The invention provides a non-contact falling direction detection method for a short message alarm, which is shown in fig. 1, and the hardware structure of the non-contact falling direction detection method comprises a millimeter wave radar sensor module, an upper computer module and a short message alarm module. The millimeter wave radar module is used for collecting action information of a person to be detected, the upper computer module is connected with the millimeter wave radar module and the short message alarm module, when the millimeter wave radar detects the action of the person to be detected, a corresponding Data value is generated through a trained convolutional neural network, the corresponding Data value is sent to the short message alarm, and the short message alarm realizes a corresponding function.
Based on the above hardware structure, the invention provides a contactless fall direction detection method for a short message alarm, as shown in fig. 2, which specifically includes the following steps:
s1: 6 human body action types are designed: fall forward, fall backward, squat down, walk, drink water, sit down and be done by 5 different volunteers. The method for designing the human body action type comprises the following steps: the millimeter wave radar is separated from the volunteers by a horizontal distance of 3m, the height of the millimeter wave radar is level with the chest of the volunteers, and 5 volunteers successively complete 6×100 actions for 5×6×100 action data.
Acquiring human body action information by utilizing a millimeter wave radar to obtain radar original echo data, and extracting the radar original echo data to receiving antenna data:
in the example, an IWR6843ISK+DCA1000 high-speed data acquisition card is adopted, a transmitting antenna and two receiving antennas are arranged for acquiring human body action information, the number of sampling points is 128, the number of chirp is 128, the frame length is 60, and the acquired actions are finally stored in a computer in the form of bin files.
S2: preprocessing radar original data to obtain a time-distance spectrogram and a time-Doppler spectrogram, and specifically comprising the following steps:
a1: reading a bin file of radar original echo data by using a Matlab mathematical calculation tool to obtain a matrix of the number of receiving antennas multiplied by the total number of sampling points, extracting data of the receiving antennas, and recombining the extracted data into a data matrix of the number of sampling points multiplied by the number of chirp multiplied by the number of frames;
a2: performing MTI static filtering treatment on the obtained data matrix, and removing a static target in a measured space;
a3: performing fast Fourier transform on the processed data to obtain distance distribution information;
a4: accumulating the distance distribution information on a time axis to obtain a time-distance spectrogram;
a5: obtaining a time-Doppler spectrogram by using short-time Fourier transform on the time-distance spectrogram, and taking a model from the obtained time-Doppler spectrogram, wherein the forward falling close to the radar direction and the forward falling far from the radar direction of a person to be detected have the same time Doppler change trend, and combining the forward falling into forward falling; the backward falling close to Lei Dafang is the same as the backward falling of the tested person away from the radar direction in time Doppler change trend, and the time Doppler change trend is combined into the backward falling.

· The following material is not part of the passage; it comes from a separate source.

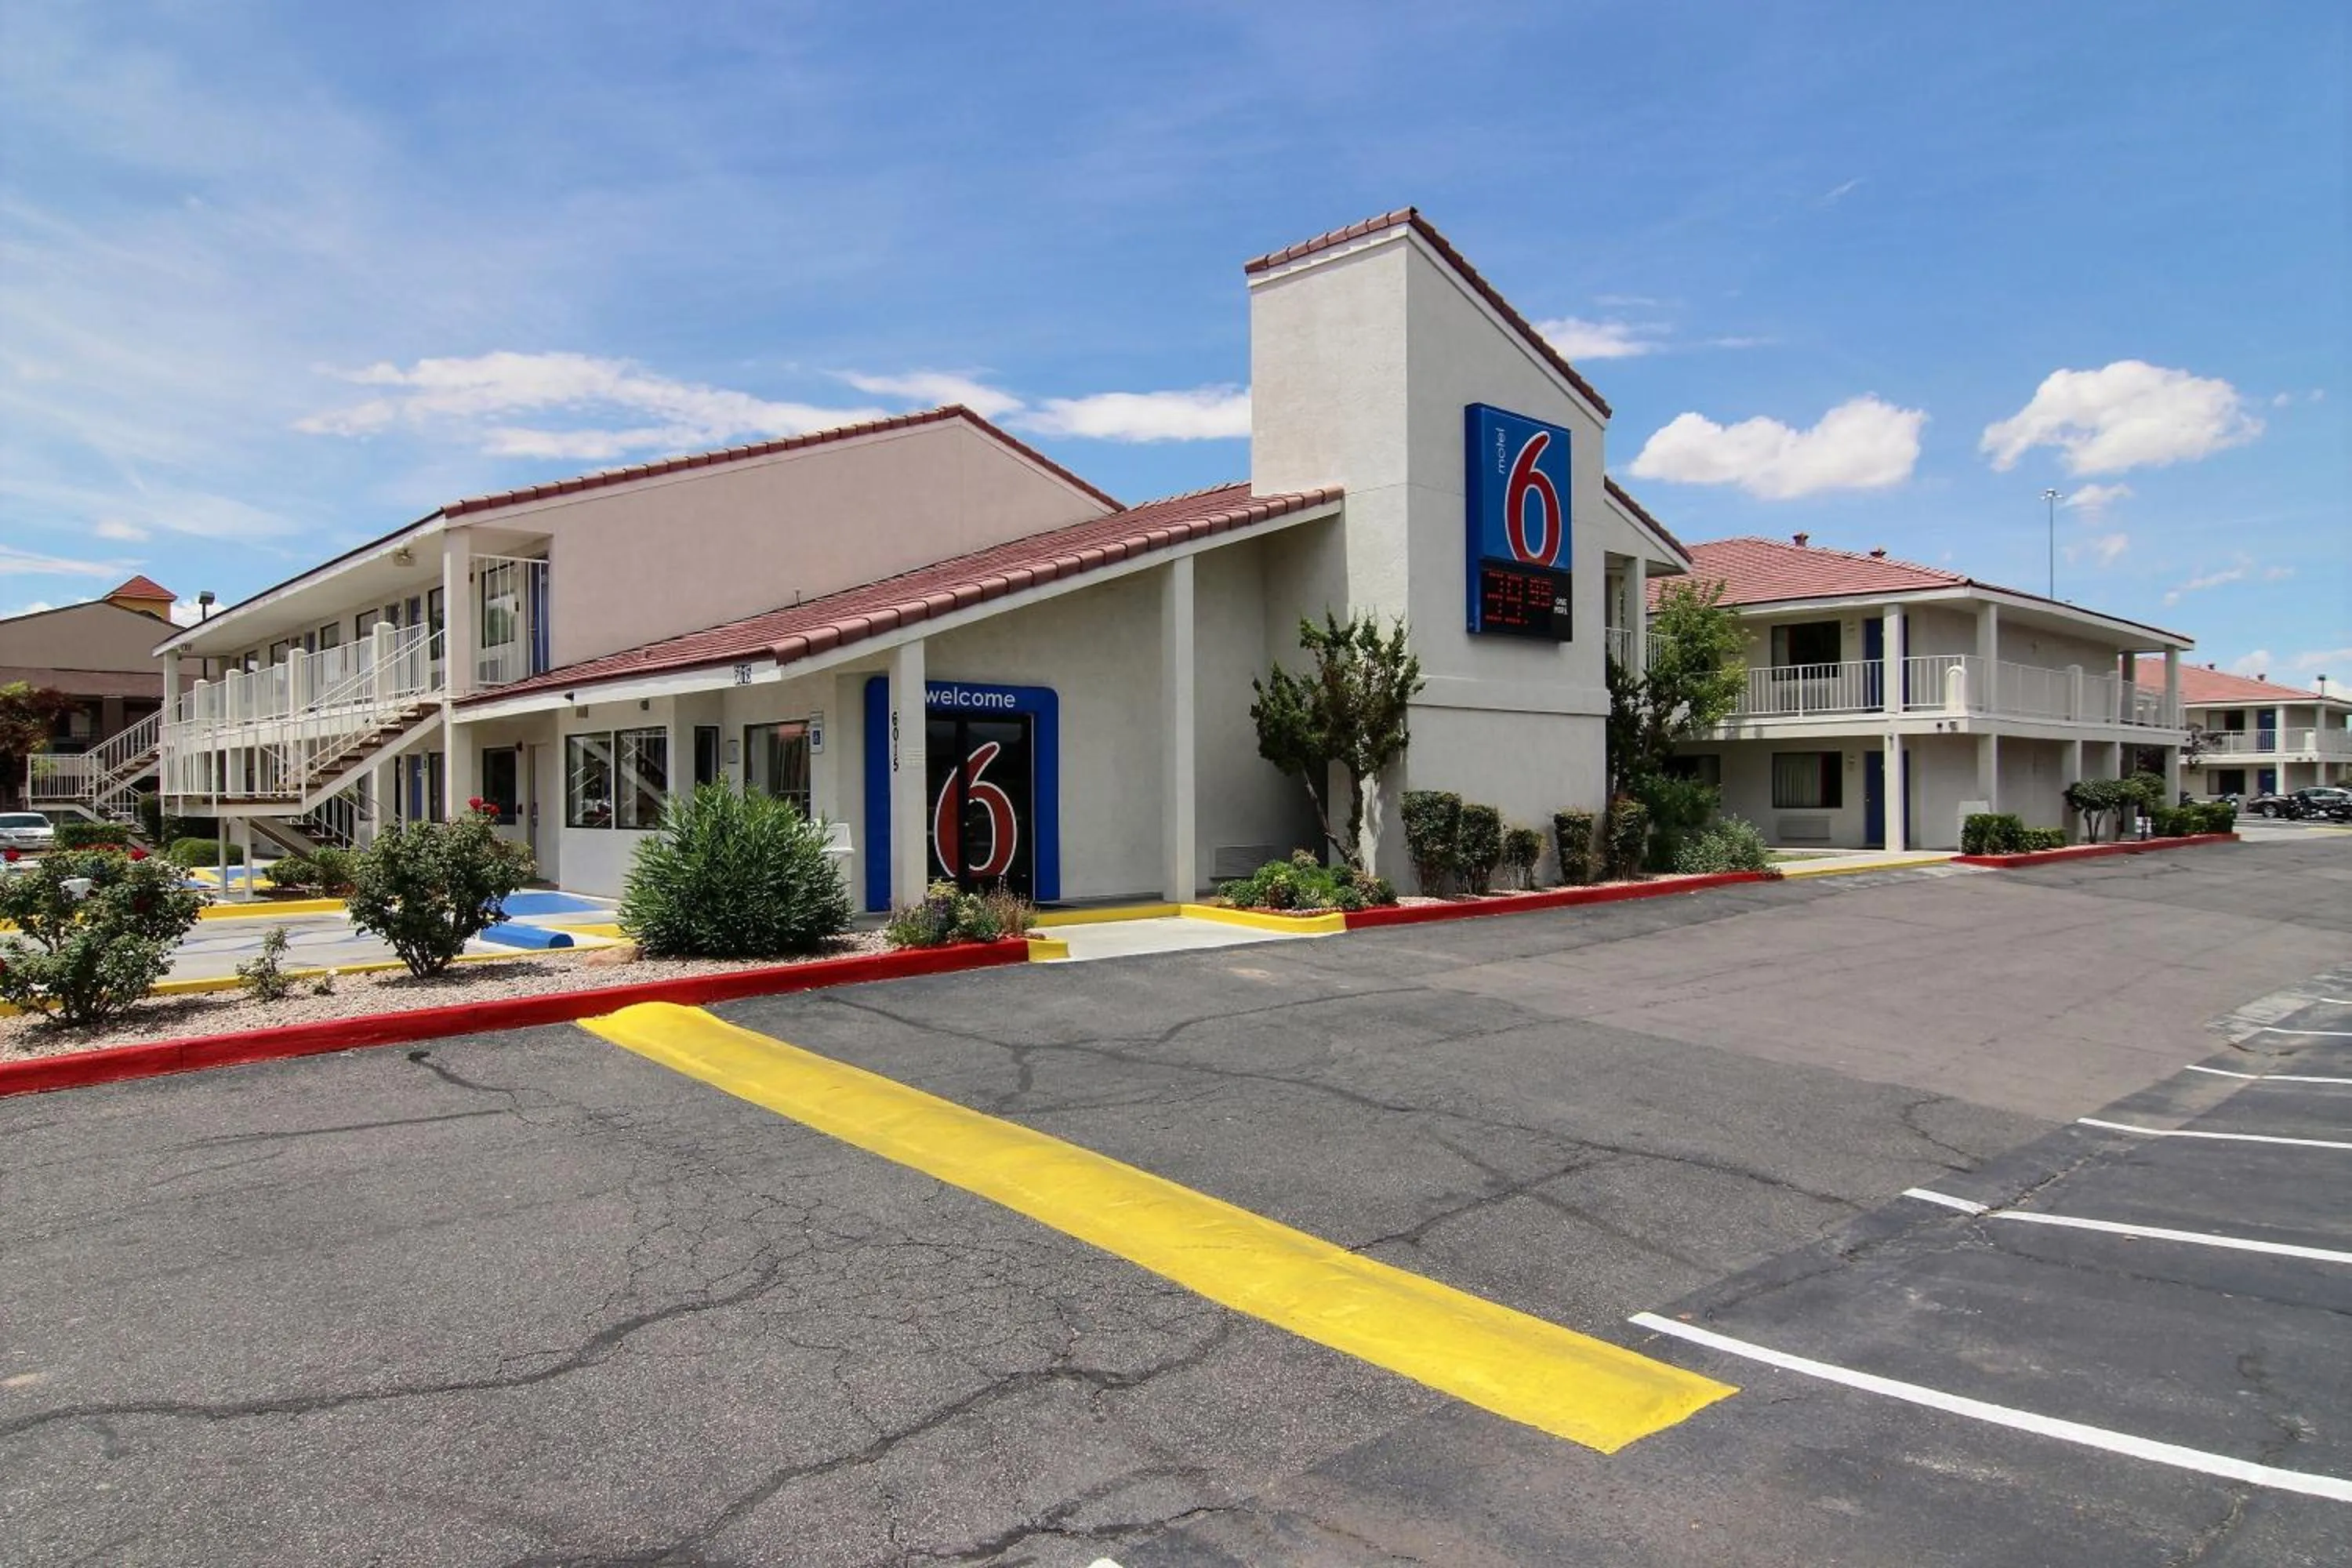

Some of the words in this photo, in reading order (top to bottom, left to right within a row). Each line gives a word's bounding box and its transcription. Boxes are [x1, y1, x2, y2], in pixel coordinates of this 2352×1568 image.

S3: denoising the time-distance spectrogram and the time-Doppler spectrogram by using an image edge contour extraction algorithm, and finding out a high-power density region and defining the boundary of the high-power density region. Ordering points with power density greater than a threshold value P in a high power density region th The calculation formula of (2) is as follows:
proved by experimental results, a is selected to be 0.6, and the noise in the whole data set is minimum. max { P }, sumAnd respectively selecting the maximum and average power density values of all points in the two feature maps, and selecting the top point at the upper part and the bottom point at the lower part to represent the boundary of the high power density region in each time point to obtain a denoised data set.
S4: the method for establishing the double-channel convolutional neural network comprises the following steps: and constructing a convolutional neural network containing two channels by using a Pytorch framework, extracting the characteristics of the denoised time-distance spectrogram and the denoised time-Doppler spectrogram by using a convolutional layer and a pooling layer respectively for each channel, fusing the extracted characteristics to obtain new characteristics, and classifying human actions after sequentially passing through the convolutional layer, the pooling layer and the full-connection layer.
In the embodiment, the two-channel convolutional neural network model is trained and stored in an environment of an lntel (R) Core (TM) i7-10700K processor + NVIDIA GeForce RTX 2080Ti+Pytorch1.10, and motion information is predicted through the trained motion classification model and a Data value corresponding to a motion class is output.
The training method of the human body action classification model comprises the following steps: respectively constructing data sets by using the denoised time-distance spectrogram and the denoised time-Doppler spectrogram, and carrying out 6 on the two data sets: 2:2, dividing the training set, the verification set and the test set according to the proportion, training and storing the best model.
S5: the millimeter wave radar sensor is connected with the short message alarm through the Mtalab, a person to be tested makes different actions against the millimeter wave radar sensor, the millimeter wave radar acquires human body action information and uploads the human body action information to the Mtalab, the Matlab calls a trained human body action classification model and predicts corresponding action categories, each action category corresponds to a Data value, the Matlab transmits the Data value to the short message alarm, and the short message alarm sends corresponding action information to a guardian according to the Data value.
In this embodiment, the Data values of the flags are 0,1, 2, 3, 4, 5, and 6, respectively, corresponding to different operations. The Data value defaults to 0, and the short message alarm does not perform any operation; when the Data value is 1, the short message alarm sends forward falling information to the guardian and generates an alarm prompt; when the Data value is 2, the short message alarm sends backward falling information to the guardian and generates an alarm; when the Data value is 3, the short message alarm sends squat information to the guardian; when the Data value is 4, the short message alarm sends walking information to the guardian; when the Data value is 5, the short message alarm sends water drinking information to the guardian; when the Data value is 6, the short message alarm sends sitting information to the guardian; when no person exists in the tested space, the Data returns to the default value of 0.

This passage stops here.